§ What to work on:
Apart from the pictures, every part of the records below gets retyped exactly.

Top of Supplied material

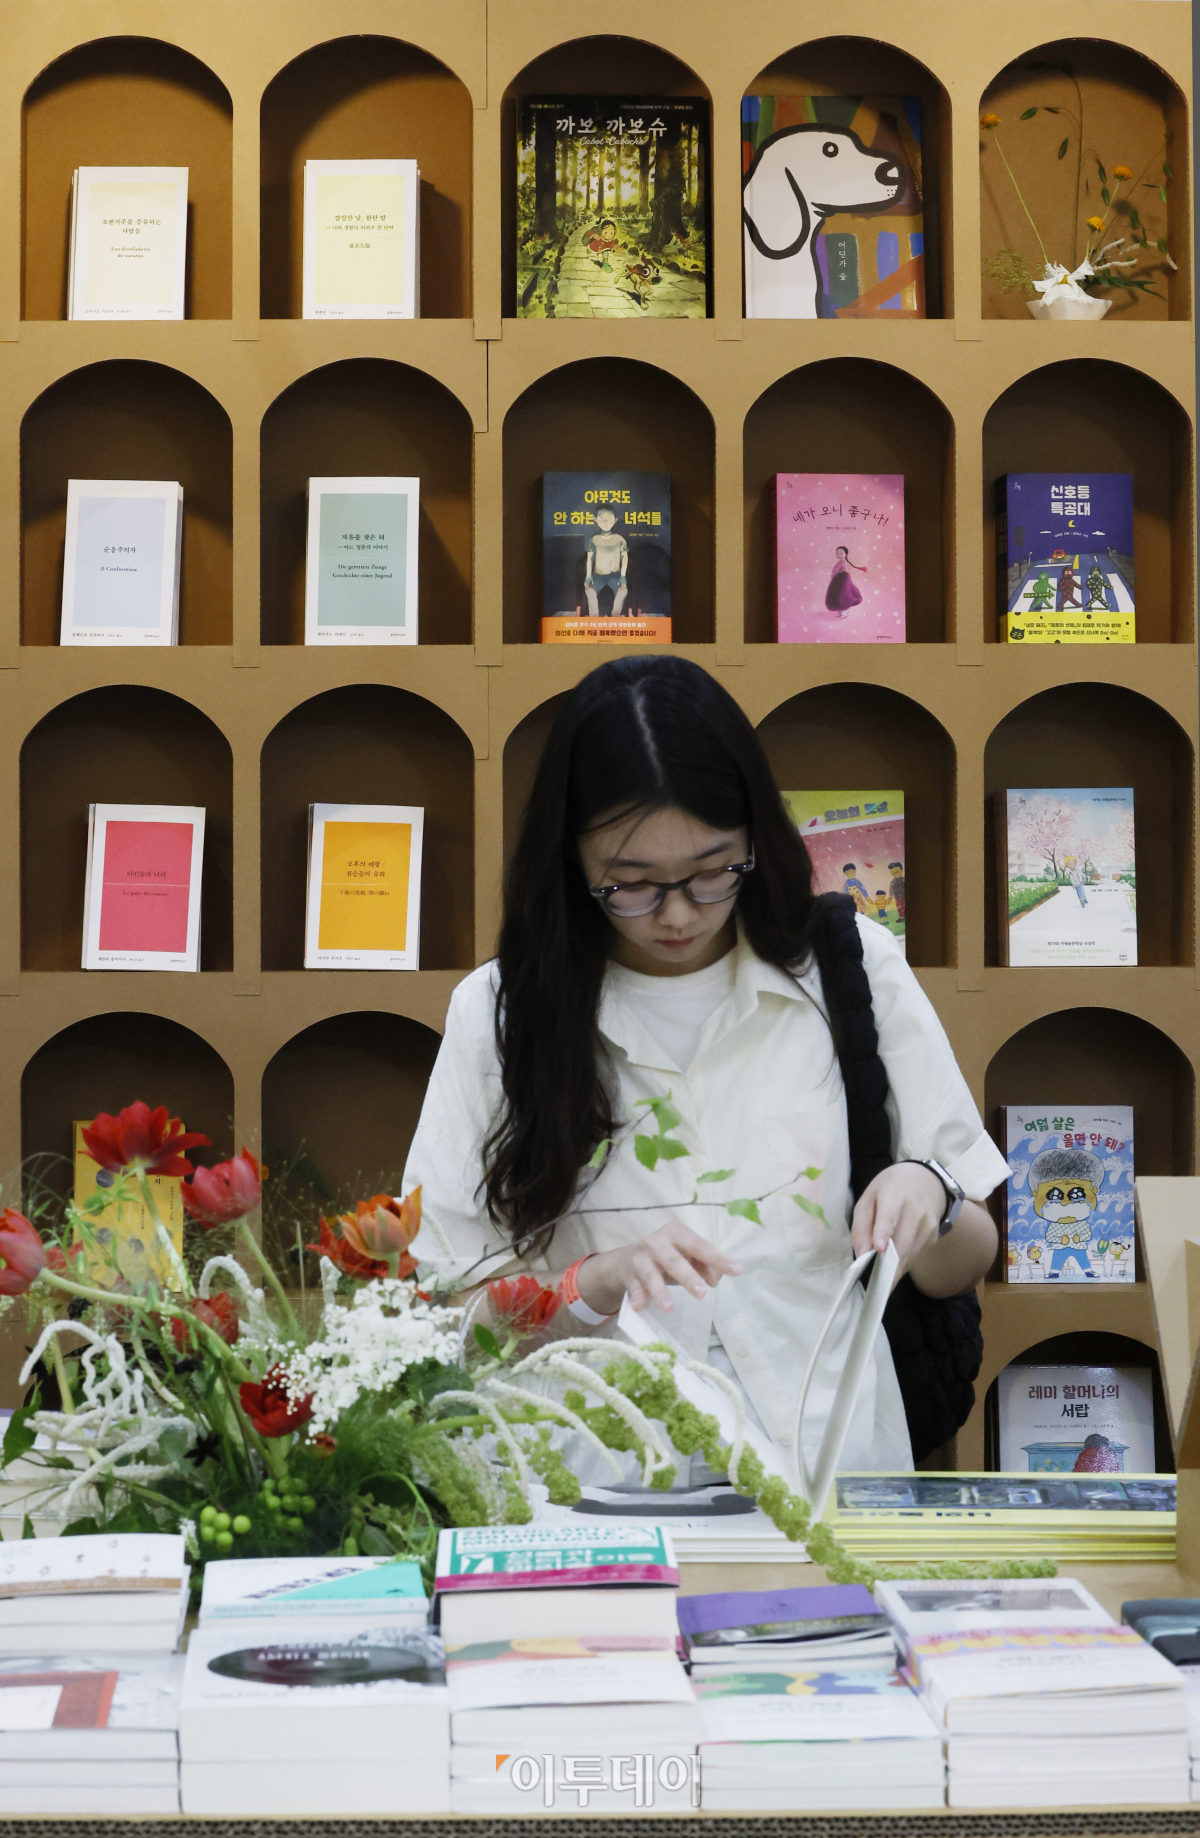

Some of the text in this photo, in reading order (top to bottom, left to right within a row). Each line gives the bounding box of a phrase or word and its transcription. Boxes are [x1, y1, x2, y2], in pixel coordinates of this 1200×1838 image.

[556, 116, 668, 137] 까보 까보슈
[838, 241, 847, 281] 어딘가 숲
[584, 490, 631, 504] 아무것도
[1051, 485, 1090, 499] 신호등
[793, 504, 889, 526] 네가 오니 좋구나!
[1051, 502, 1091, 516] 특공대
[554, 511, 662, 525] 안 하는 녀석들
[1024, 1117, 1075, 1132] 여덟 살은
[1063, 1133, 1125, 1153] 울면 안 돼?
[1028, 1384, 1120, 1399] 레미 할머니의
[1061, 1404, 1090, 1418] 서랍
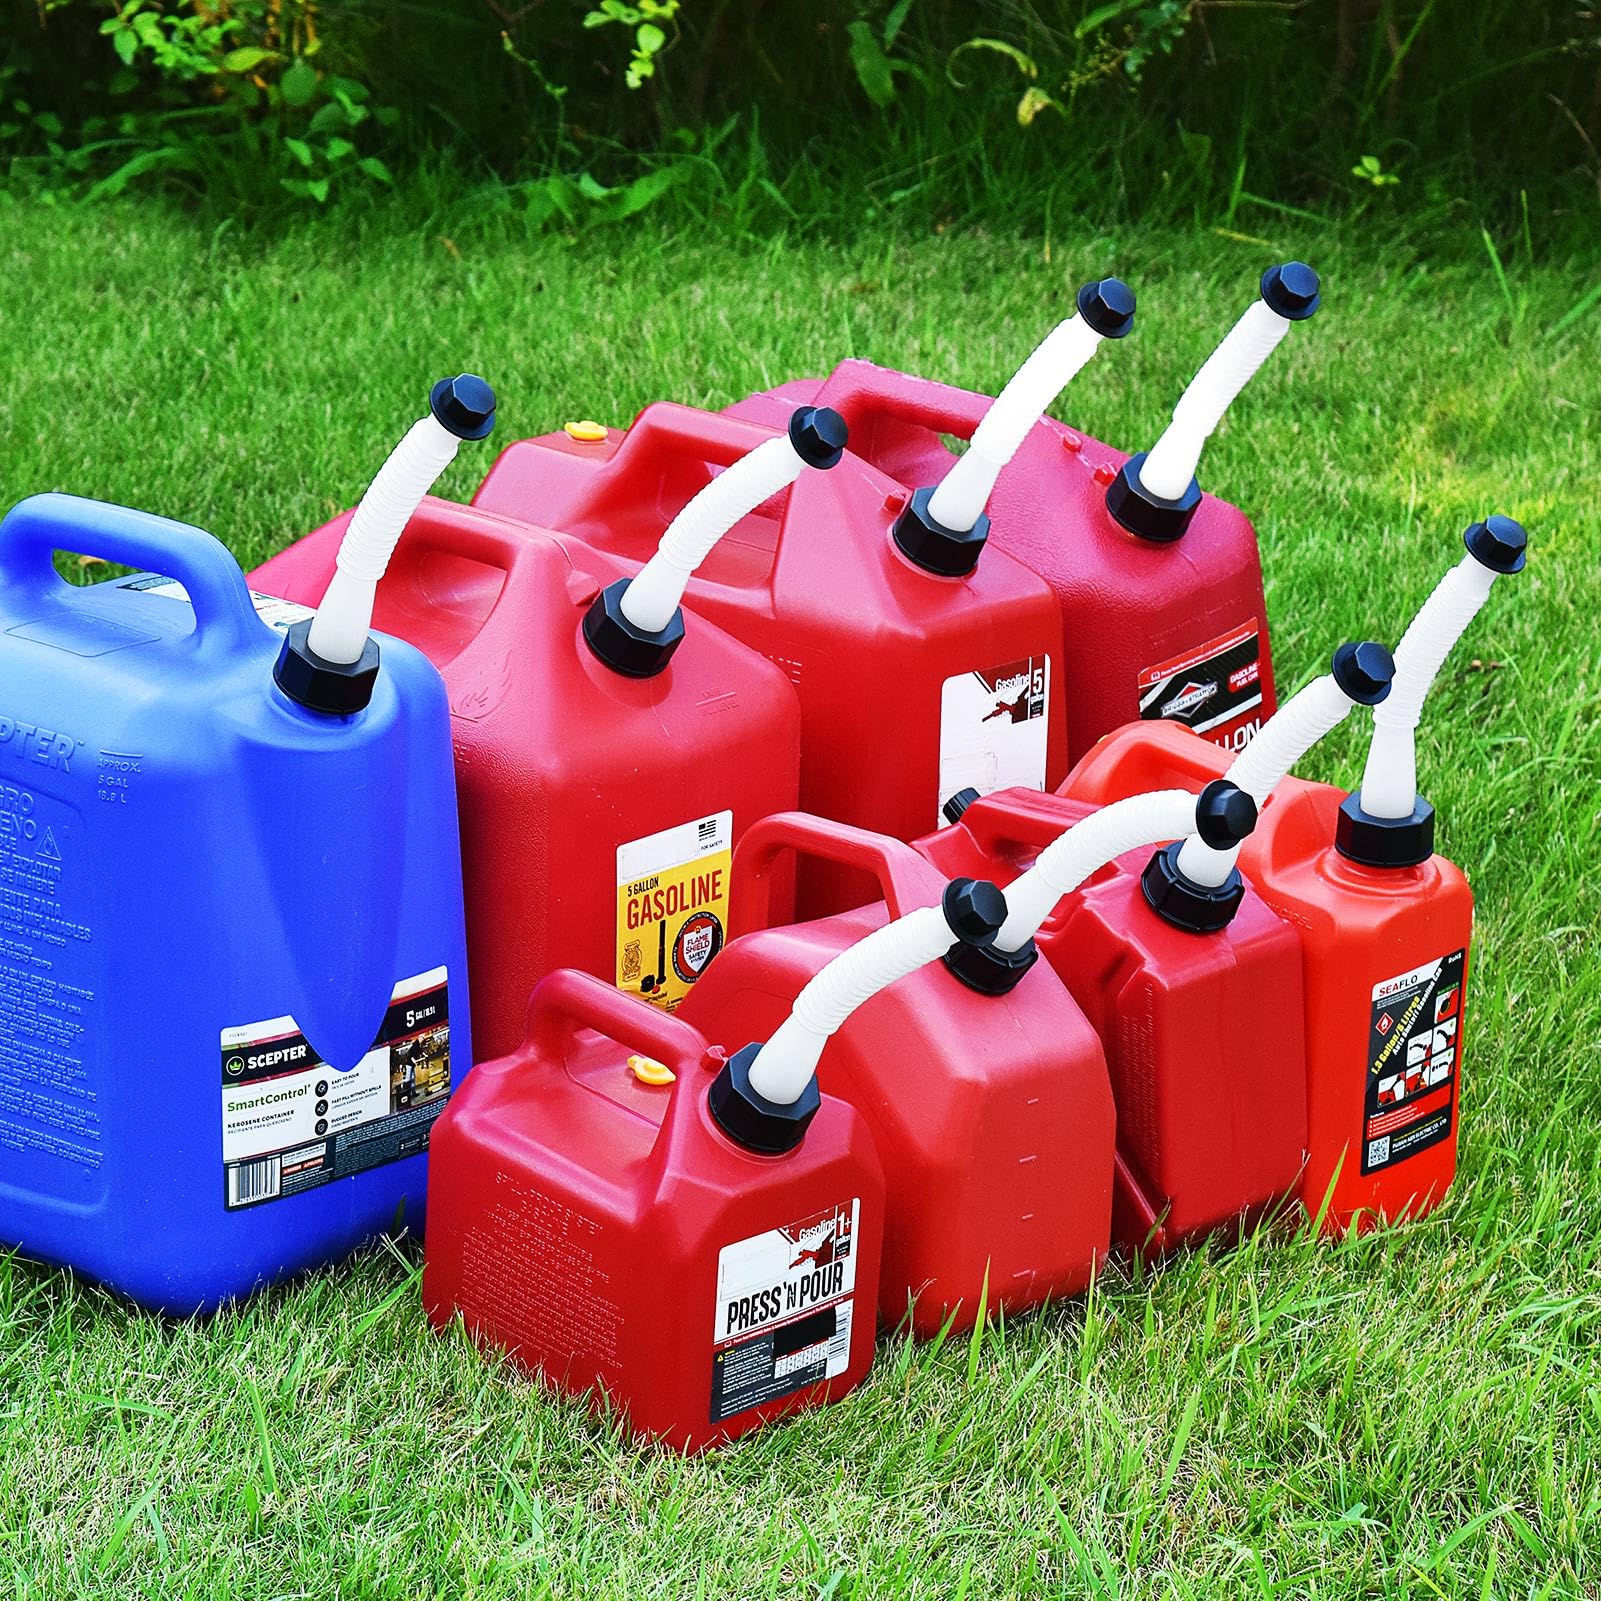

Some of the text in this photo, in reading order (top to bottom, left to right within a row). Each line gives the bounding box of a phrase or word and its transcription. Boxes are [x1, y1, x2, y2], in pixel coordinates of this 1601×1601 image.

[995, 673, 1030, 690] Gasoline
[1033, 668, 1043, 694] 5
[97, 757, 141, 772] APPROX.
[106, 776, 128, 788] GAL
[120, 793, 127, 804] L
[627, 876, 660, 897] 5 GALLON
[627, 869, 723, 930] GASOLINE
[685, 940, 710, 955] SHIELD
[687, 933, 708, 945] FLAME
[689, 950, 706, 960] SAFETY
[1379, 975, 1418, 997] SEAFLO
[406, 1010, 415, 1027] 5
[1393, 1037, 1406, 1056] Auto
[1417, 981, 1436, 1011] Gasoline
[1432, 967, 1443, 982] Can
[247, 1044, 307, 1070] SCEPTER
[227, 1085, 307, 1112] SmartControl
[227, 1109, 295, 1128] KEROSENE CONTAINER
[799, 1219, 836, 1241] Gasoline
[727, 1285, 782, 1335] PRESS
[783, 1281, 797, 1310] 'N
[799, 1260, 844, 1308] POUR

Bottom of Supplied material

§ Exercise solution:
Some of the text in this photo, in reading order (top to bottom, left to right within a row). Each line gives the bounding box of a phrase or word and its transcription. Boxes are [x1, y1, x2, y2], in pixel coordinates of this 1200×1838 image.

[556, 116, 668, 137] 까보 까보슈
[838, 241, 847, 281] 어딘가 숲
[584, 490, 631, 504] 아무것도
[1051, 485, 1090, 499] 신호등
[793, 504, 889, 526] 네가 오니 좋구나!
[1051, 502, 1091, 516] 특공대
[554, 511, 662, 525] 안 하는 녀석들
[1024, 1117, 1075, 1132] 여덟 살은
[1063, 1133, 1125, 1153] 울면 안 돼?
[1028, 1384, 1120, 1399] 레미 할머니의
[1061, 1404, 1090, 1418] 서랍

Some of the text in this photo, in reading order (top to bottom, left to right within a row). Each line gives the bounding box of a phrase or word and its transcription. Boxes are [x1, y1, x2, y2], in pixel coordinates of this 1601×1601 image.

[995, 673, 1030, 690] Gasoline
[1033, 668, 1043, 694] 5
[97, 757, 141, 772] APPROX.
[106, 776, 128, 788] GAL
[120, 793, 127, 804] L
[627, 876, 660, 897] 5 GALLON
[627, 869, 723, 930] GASOLINE
[685, 940, 710, 955] SHIELD
[687, 933, 708, 945] FLAME
[689, 950, 706, 960] SAFETY
[1379, 975, 1418, 997] SEAFLO
[406, 1010, 415, 1027] 5
[1393, 1037, 1406, 1056] Auto
[1417, 981, 1436, 1011] Gasoline
[1432, 967, 1443, 982] Can
[247, 1044, 307, 1070] SCEPTER
[227, 1085, 307, 1112] SmartControl
[227, 1109, 295, 1128] KEROSENE CONTAINER
[799, 1219, 836, 1241] Gasoline
[727, 1285, 782, 1335] PRESS
[783, 1281, 797, 1310] 'N
[799, 1260, 844, 1308] POUR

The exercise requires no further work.